"""

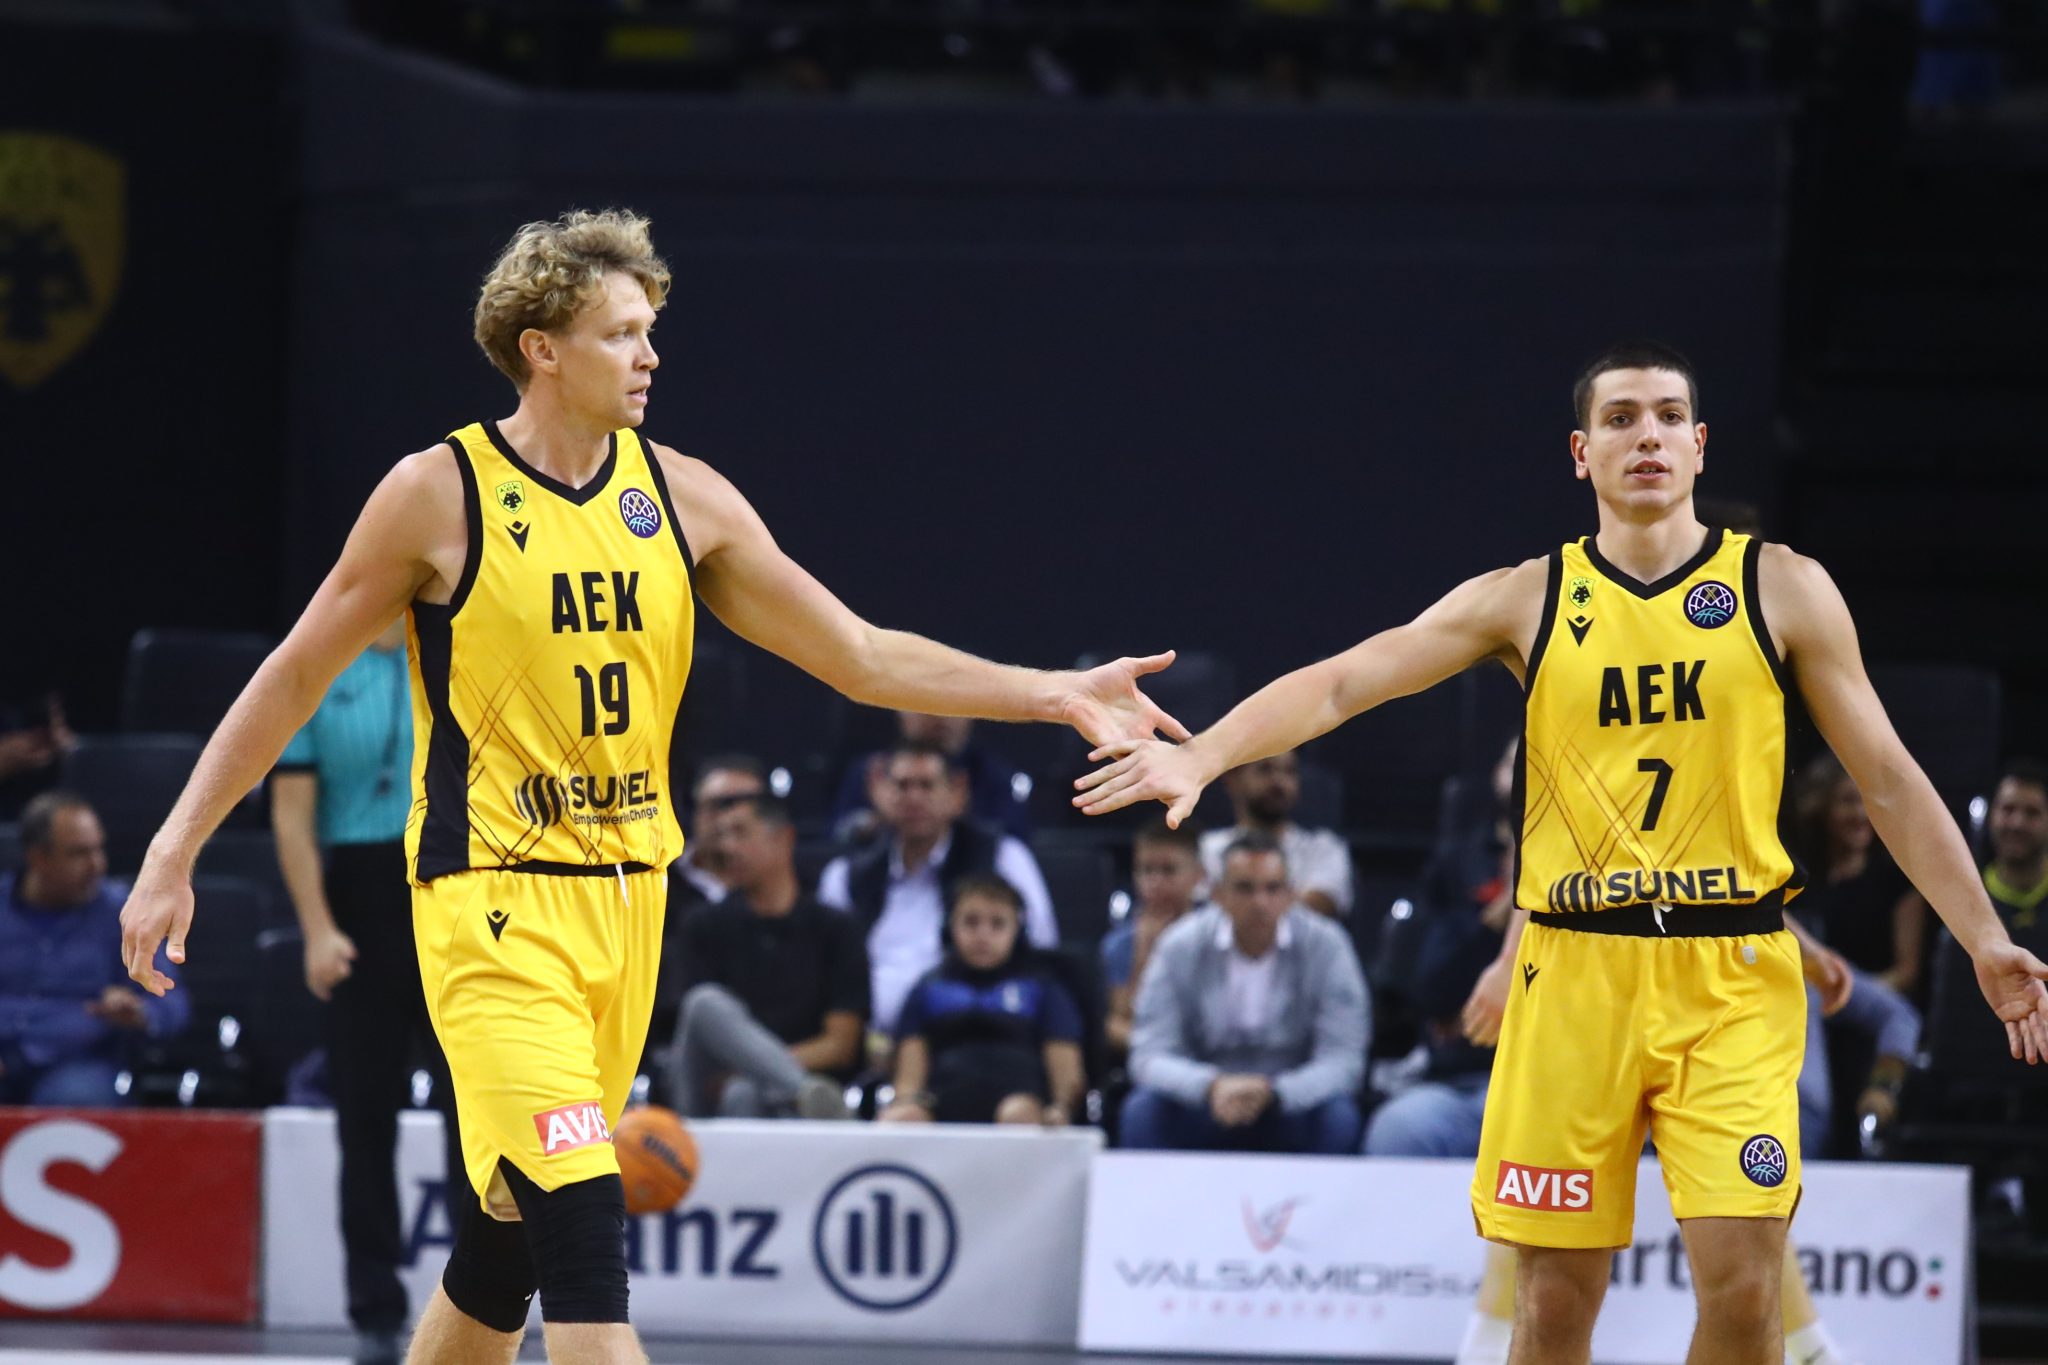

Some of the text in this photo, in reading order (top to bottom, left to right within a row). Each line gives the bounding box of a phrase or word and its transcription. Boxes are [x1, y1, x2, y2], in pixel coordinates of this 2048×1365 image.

[552, 571, 644, 634] AEK
[573, 661, 631, 737] 19
[1599, 659, 1706, 727] AEK
[570, 769, 658, 810] SUNEL
[1637, 758, 1674, 831] 7
[1605, 867, 1756, 903] SUNEL
[1497, 1167, 1590, 1207] AVIS
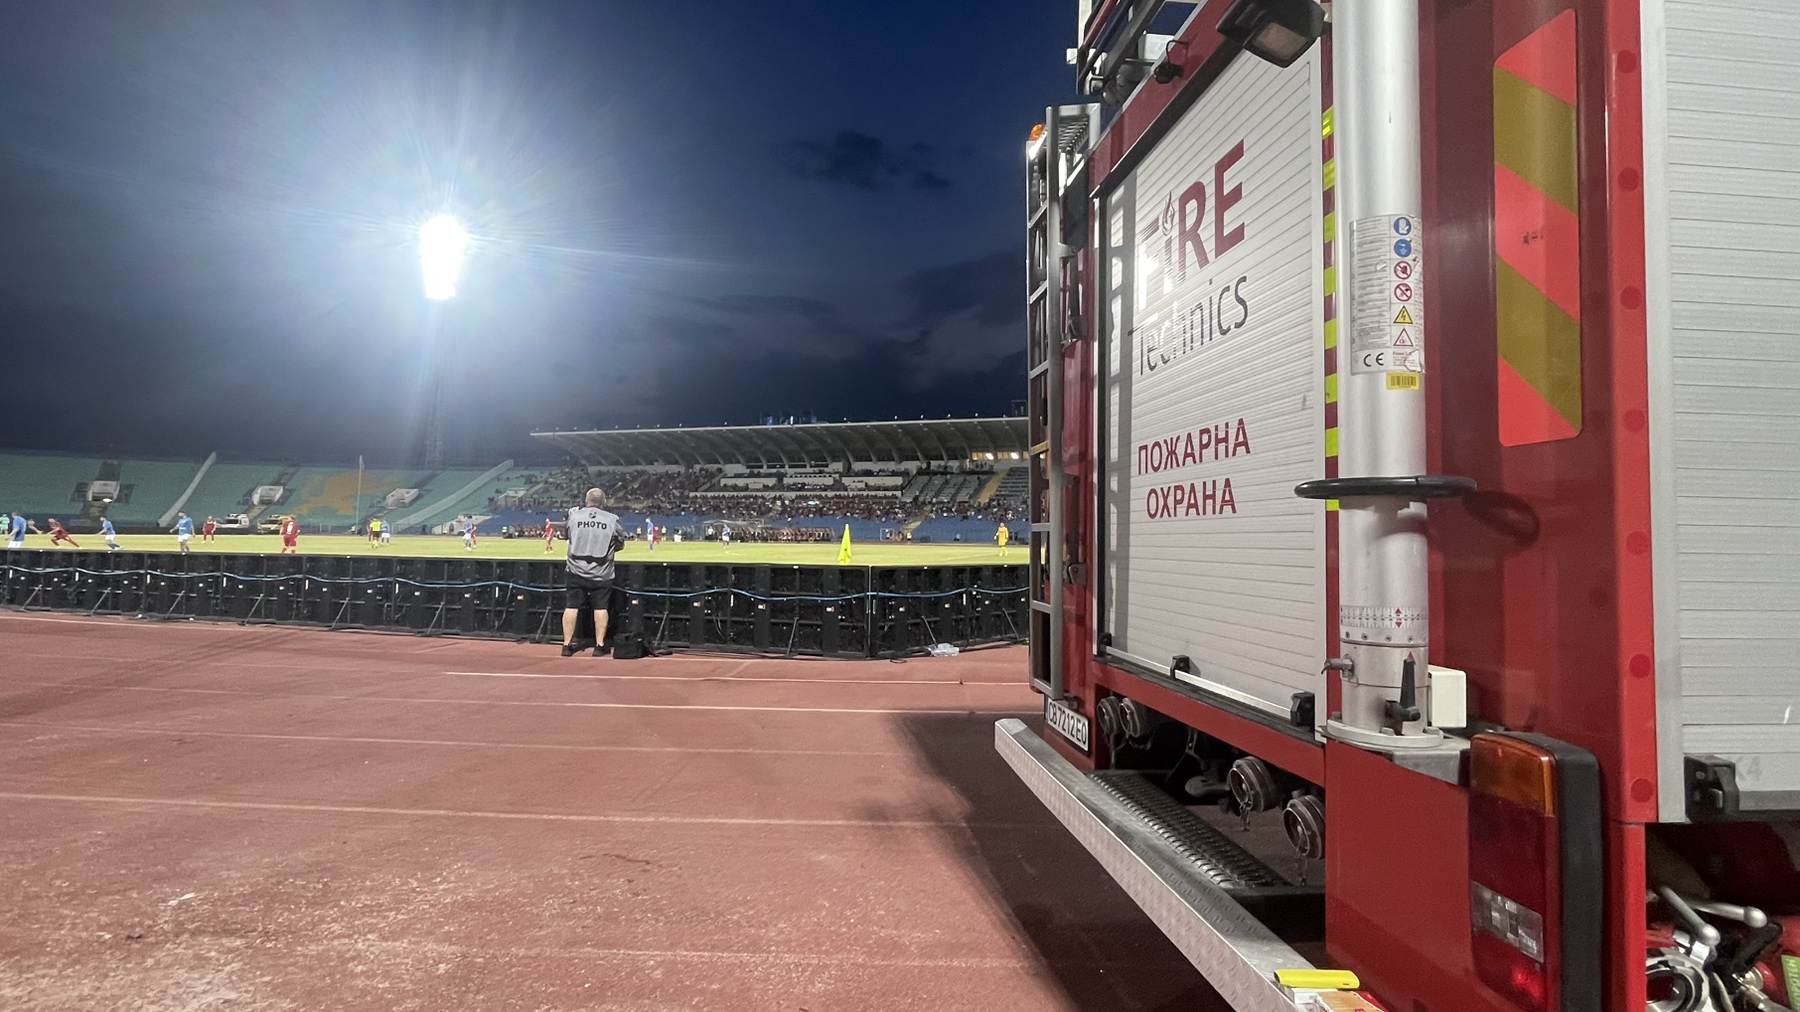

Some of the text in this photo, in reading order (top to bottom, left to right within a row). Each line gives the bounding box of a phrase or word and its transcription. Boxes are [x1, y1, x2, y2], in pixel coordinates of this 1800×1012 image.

[1138, 417, 1251, 475] ПОЖАРНА
[1146, 477, 1237, 519] ОХРАНА
[577, 520, 607, 530] PHOTO
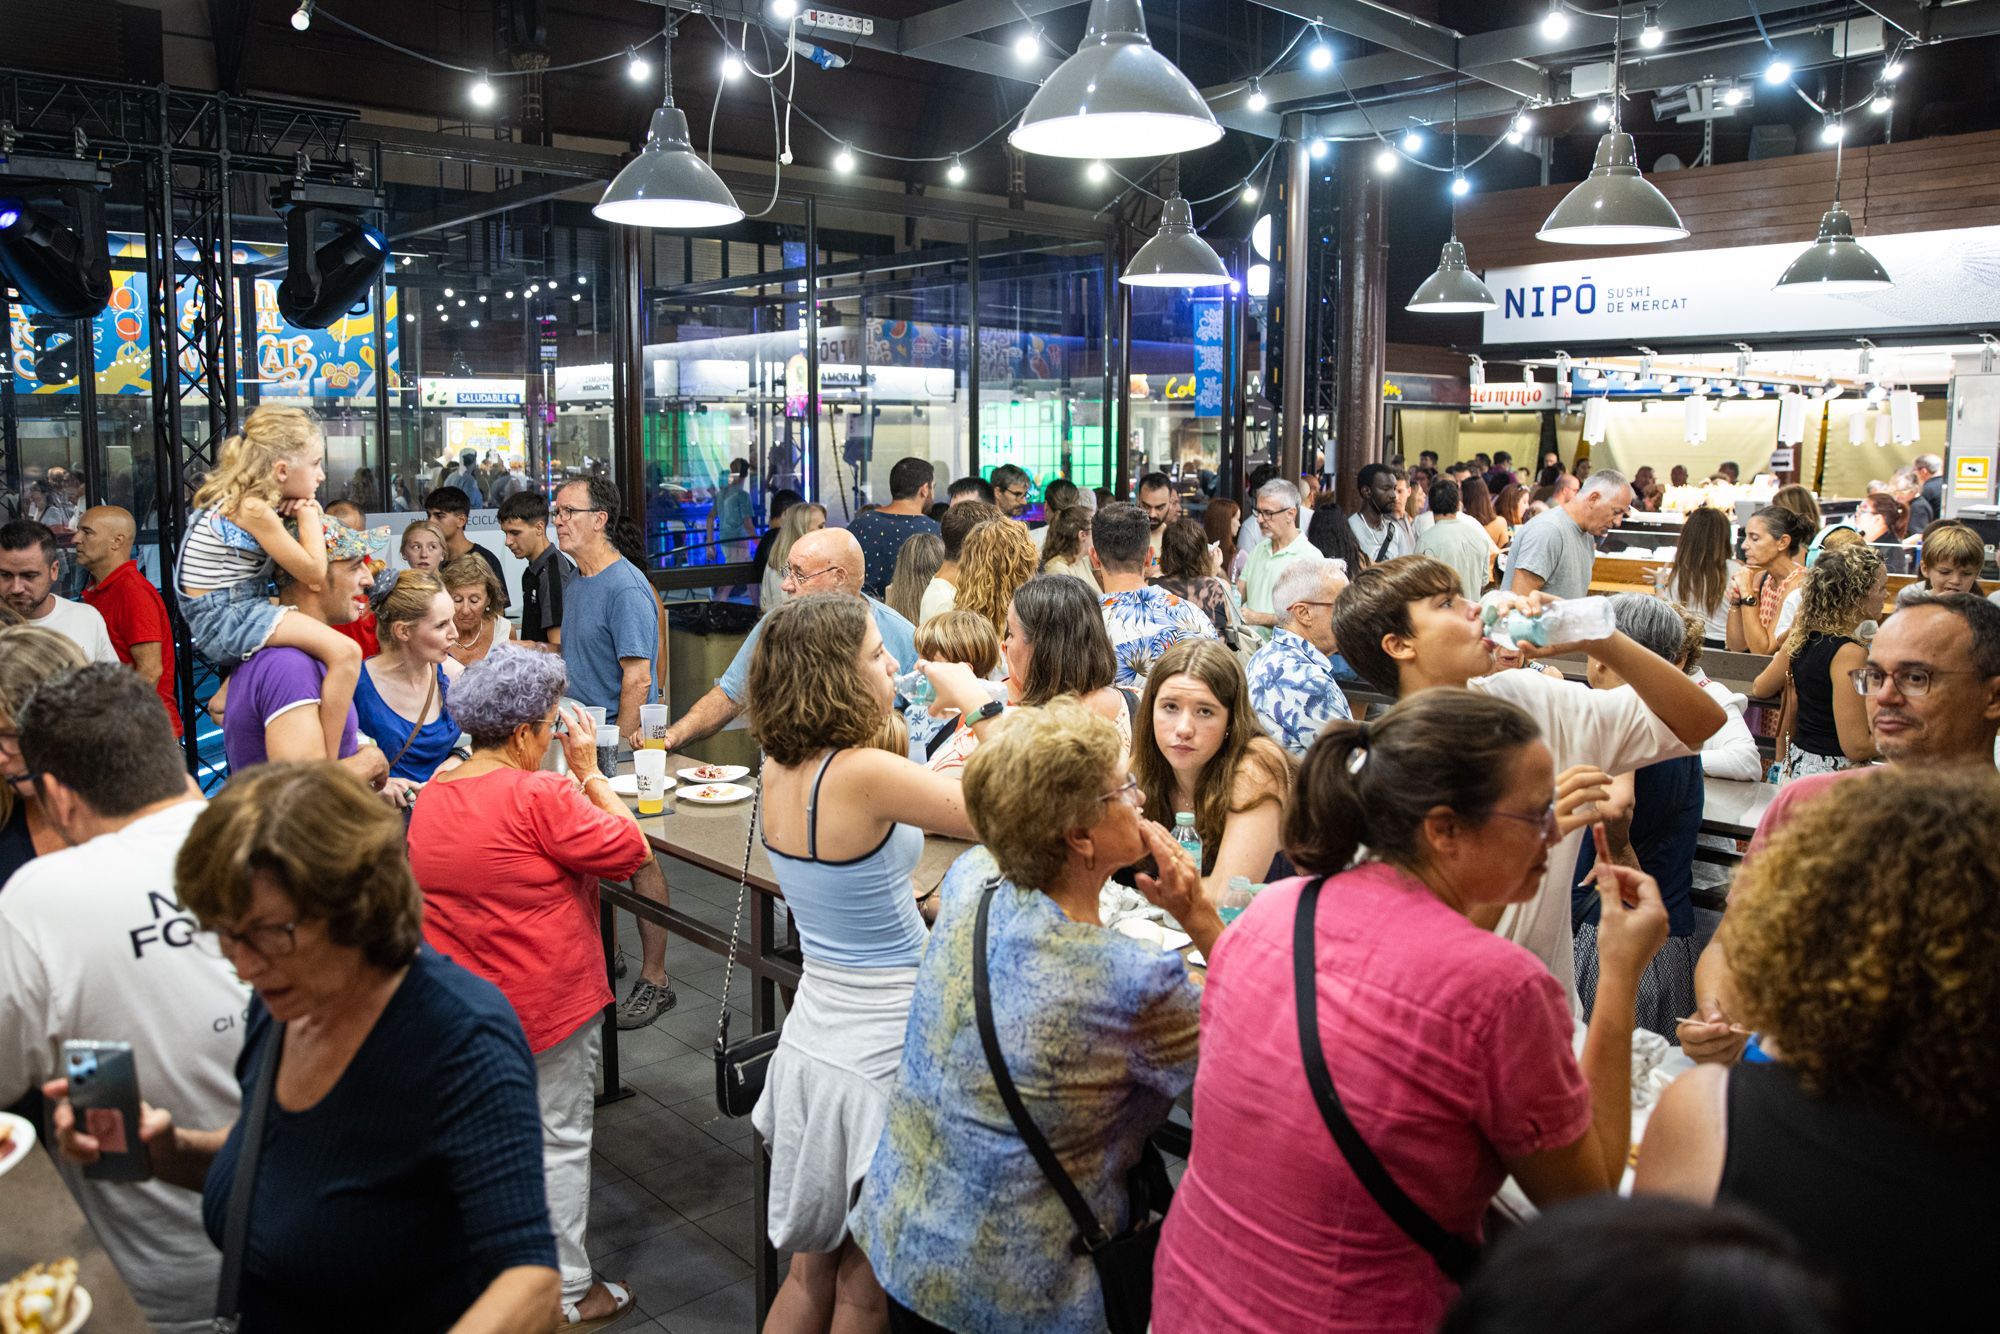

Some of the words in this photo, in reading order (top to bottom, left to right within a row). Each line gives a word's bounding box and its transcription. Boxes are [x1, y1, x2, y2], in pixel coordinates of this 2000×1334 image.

"""

EXERCISE INSTRUCTIONS: Pictures are to be left out; everything else in the records gets retyped exactly.

RESPONSE TO THIS EXERCISE:
Some of the text in this photo, in reading order (top to bottom, left to right within a row). Each line gives the bounding box of a phrase or word and its transcription. Boxes are [x1, y1, x2, y2], in pixel coordinates of this 2048×1365 image.

[552, 571, 644, 634] AEK
[573, 661, 631, 737] 19
[1599, 659, 1706, 727] AEK
[570, 769, 658, 810] SUNEL
[1637, 758, 1674, 831] 7
[1605, 867, 1756, 903] SUNEL
[1497, 1167, 1590, 1207] AVIS

Some of the text in this photo, in reading order (top to bottom, left to right within a row). Each line gives the bounding box of a phrase or word and its transcription. Boxes are [x1, y1, x2, y2], in pixel coordinates of this 1800×1012 image.

[1138, 417, 1251, 475] ПОЖАРНА
[1146, 477, 1237, 519] ОХРАНА
[577, 520, 607, 530] PHOTO

Some of the words in this photo, in reading order (top to bottom, left to right within a row). Each line gives a word's bounding box and its transcription. Boxes are [x1, y1, x2, y2], in pixel coordinates of this 2000×1334 image.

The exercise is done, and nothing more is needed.